According to the report, advisers presented OpenAI's executives with two options: wait until 2027 to go public at the desired valuation, or lower the target in order to list sooner. Chief executive Sam Altman reportedly rejected the idea of cutting the figure, making clear that any reduction to the trillion-dollar goal was, in effect, a non-starter. The company's chief financial officer, Sarah Friar, has separately signaled a 2027 timeline to some associates.
Bankers advising on the offering cautioned that recent turbulence in tech shares — and the choppy aftermath of SpaceX's record-setting debut — could dampen the enthusiasm of retail investors for a deal of this size. A trillion-dollar valuation would rank among the largest ever sought by a newly public company, and pulling it off requires a market willing to pay a steep premium for future growth at a moment when investors are increasingly questioning the economics of AI.

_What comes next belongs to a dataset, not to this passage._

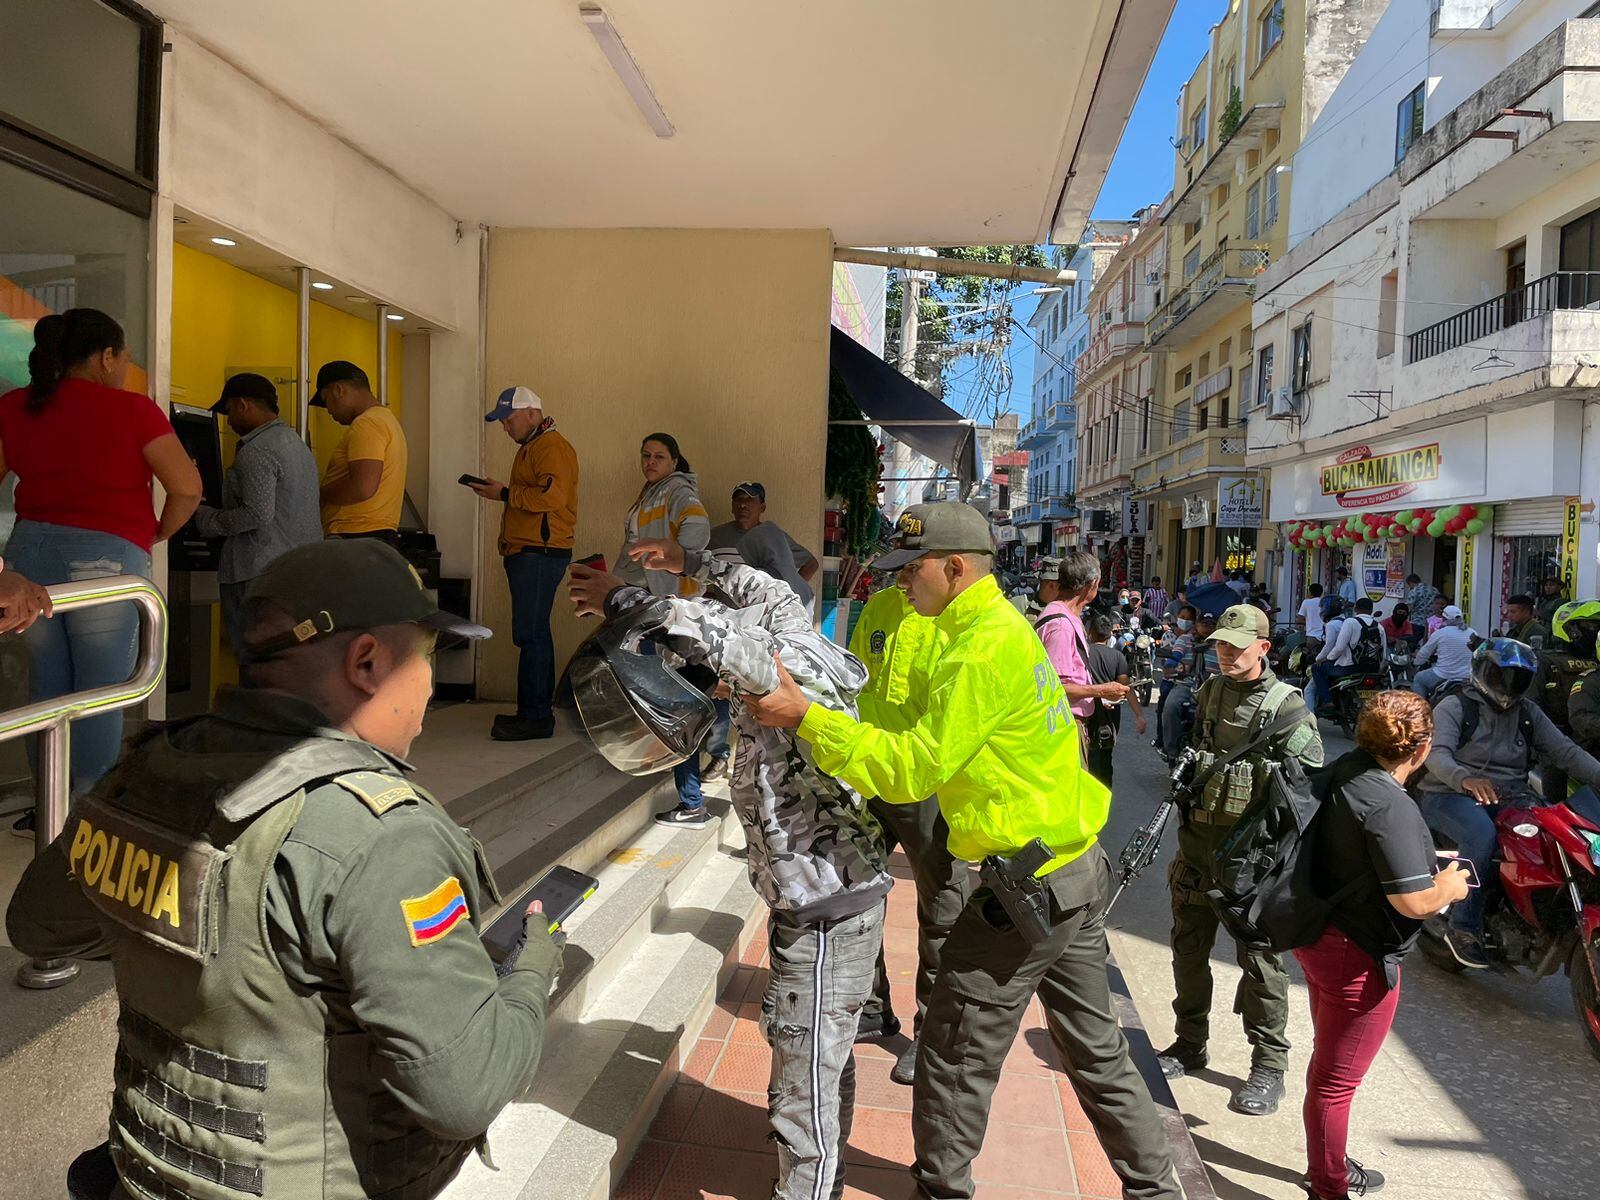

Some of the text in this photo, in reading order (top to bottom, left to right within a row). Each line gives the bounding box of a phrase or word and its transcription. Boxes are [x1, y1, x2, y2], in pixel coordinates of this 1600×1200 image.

[1323, 448, 1434, 493] BUCARAMANGA
[1340, 446, 1367, 460] CALZADO
[69, 819, 180, 928] POLICIA

The calculus is straightforward. A delayed debut would give OpenAI more time to strengthen its financial position and to convince investors that its rapid revenue growth can justify one of the highest valuations ever attached to a listing. Going out now, at a lower price, would mean locking in a number Altman appears unwilling to accept — and potentially signaling weakness in the very AI narrative OpenAI embodies.
The deliberations land against a darkening backdrop for technology stocks. A global selloff this week, fueled by worries over the soaring cost of AI data centers, has dragged down chipmakers and AI-linked shares from Wall Street to Seoul, and the report of OpenAI's potential delay itself weighed on sentiment. For a company whose fortunes are synonymous with the AI boom, the market's mood is not an abstraction but a direct input into when and how it can raise public money.

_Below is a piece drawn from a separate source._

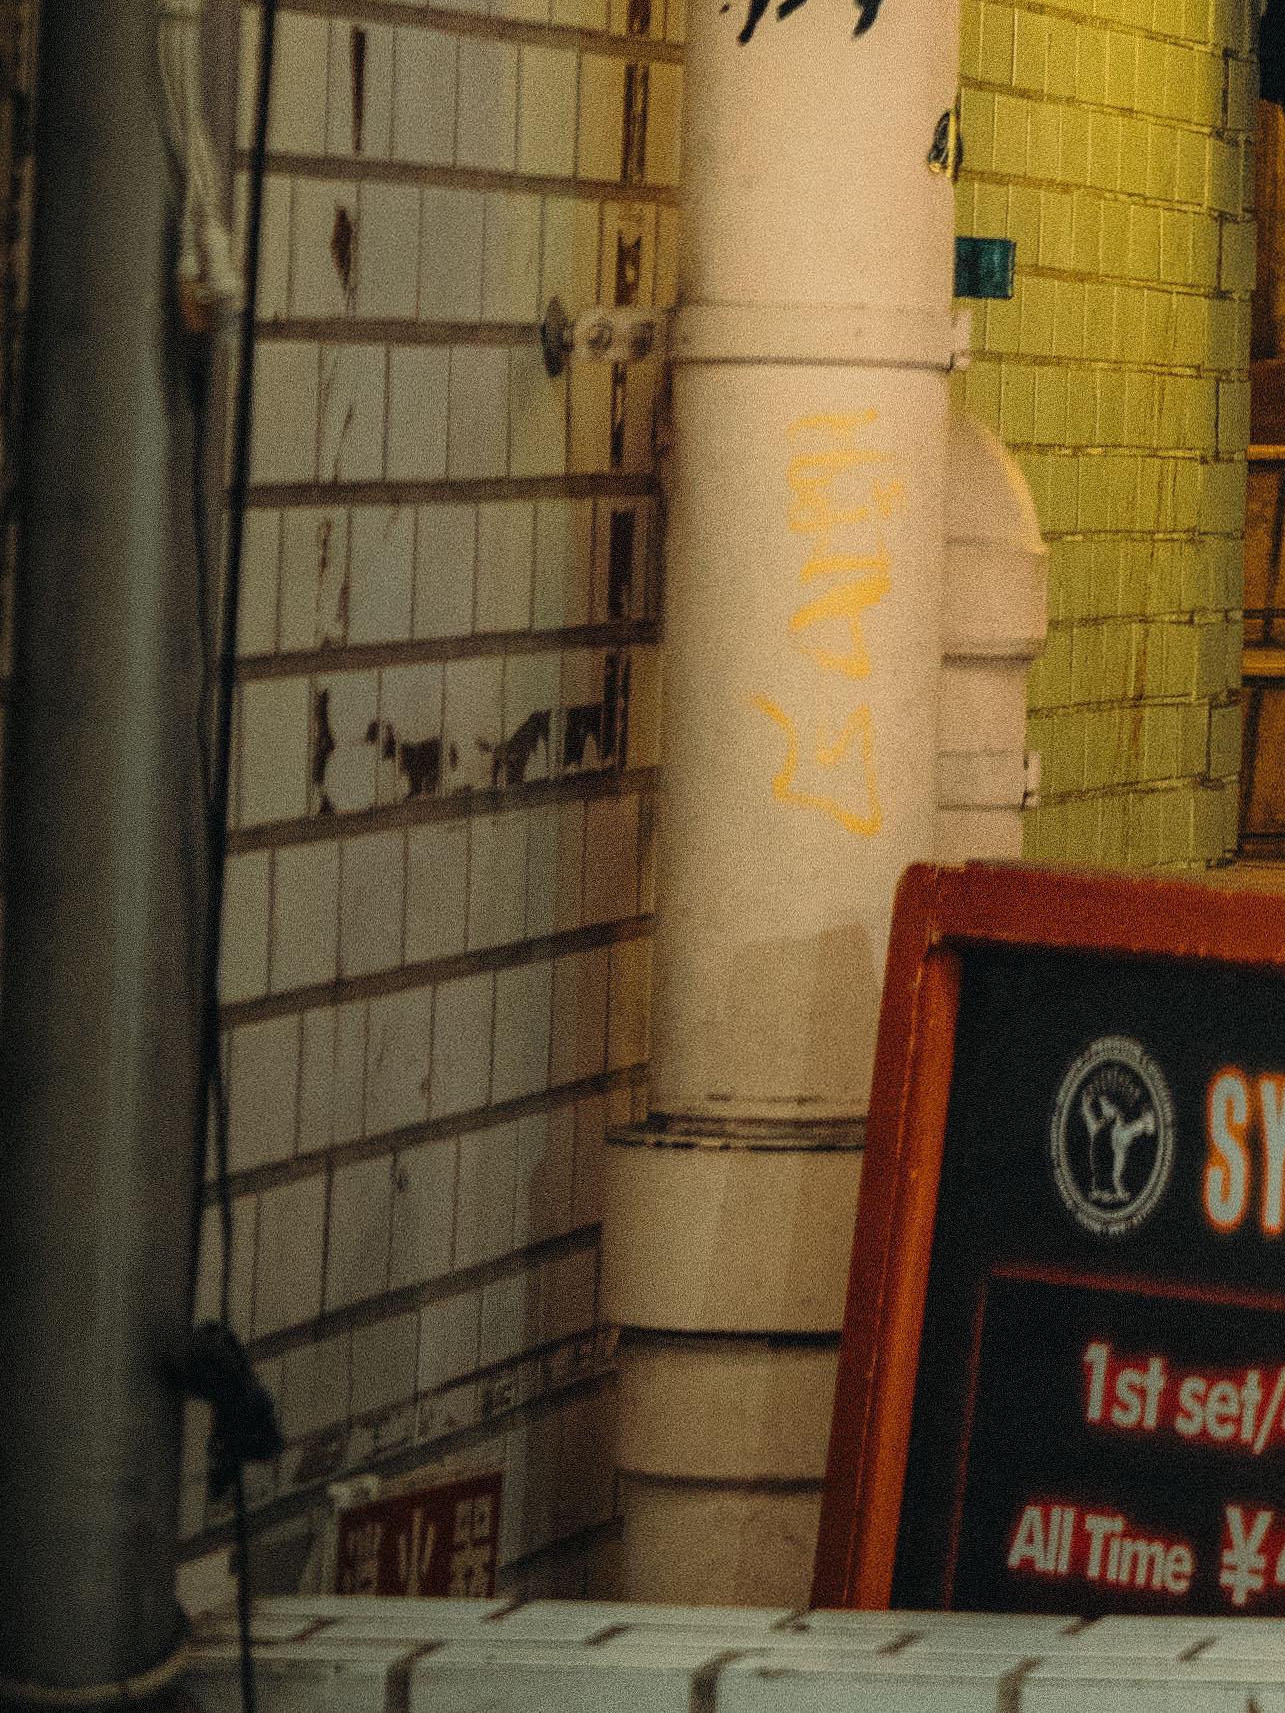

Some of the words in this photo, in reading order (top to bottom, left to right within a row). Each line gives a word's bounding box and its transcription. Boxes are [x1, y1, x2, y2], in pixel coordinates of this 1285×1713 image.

[1083, 1340, 1167, 1429] 1st
[1006, 1504, 1073, 1574] All
[1082, 1514, 1193, 1595] Time

Complicating the picture is OpenAI's unusual relationship with Washington. The Trump administration has asked the company to stagger the rollout of its newest model over security concerns. Altman told employees that OpenAI would release its upcoming GPT-5.6 model through a limited preview for selected partners, with the government 'approving access customer by customer during this preview period' — an arrangement that underscores how entangled the company's commercial plans have become with national-security oversight.
OpenAI's path to the public markets has been closely watched as a bellwether for the entire AI sector. Its decision on timing will be read as a verdict on whether investors are still willing to underwrite the industry's enormous ambitions, or whether the period of paying any price for AI exposure is giving way to harder questions about returns.
For now, the company appears inclined to wait. Should it hold to a 2027 listing, OpenAI would buy itself time to let both its financials and the market mature — a bet that patience will be rewarded with the trillion-dollar debut Altman is determined not to discount.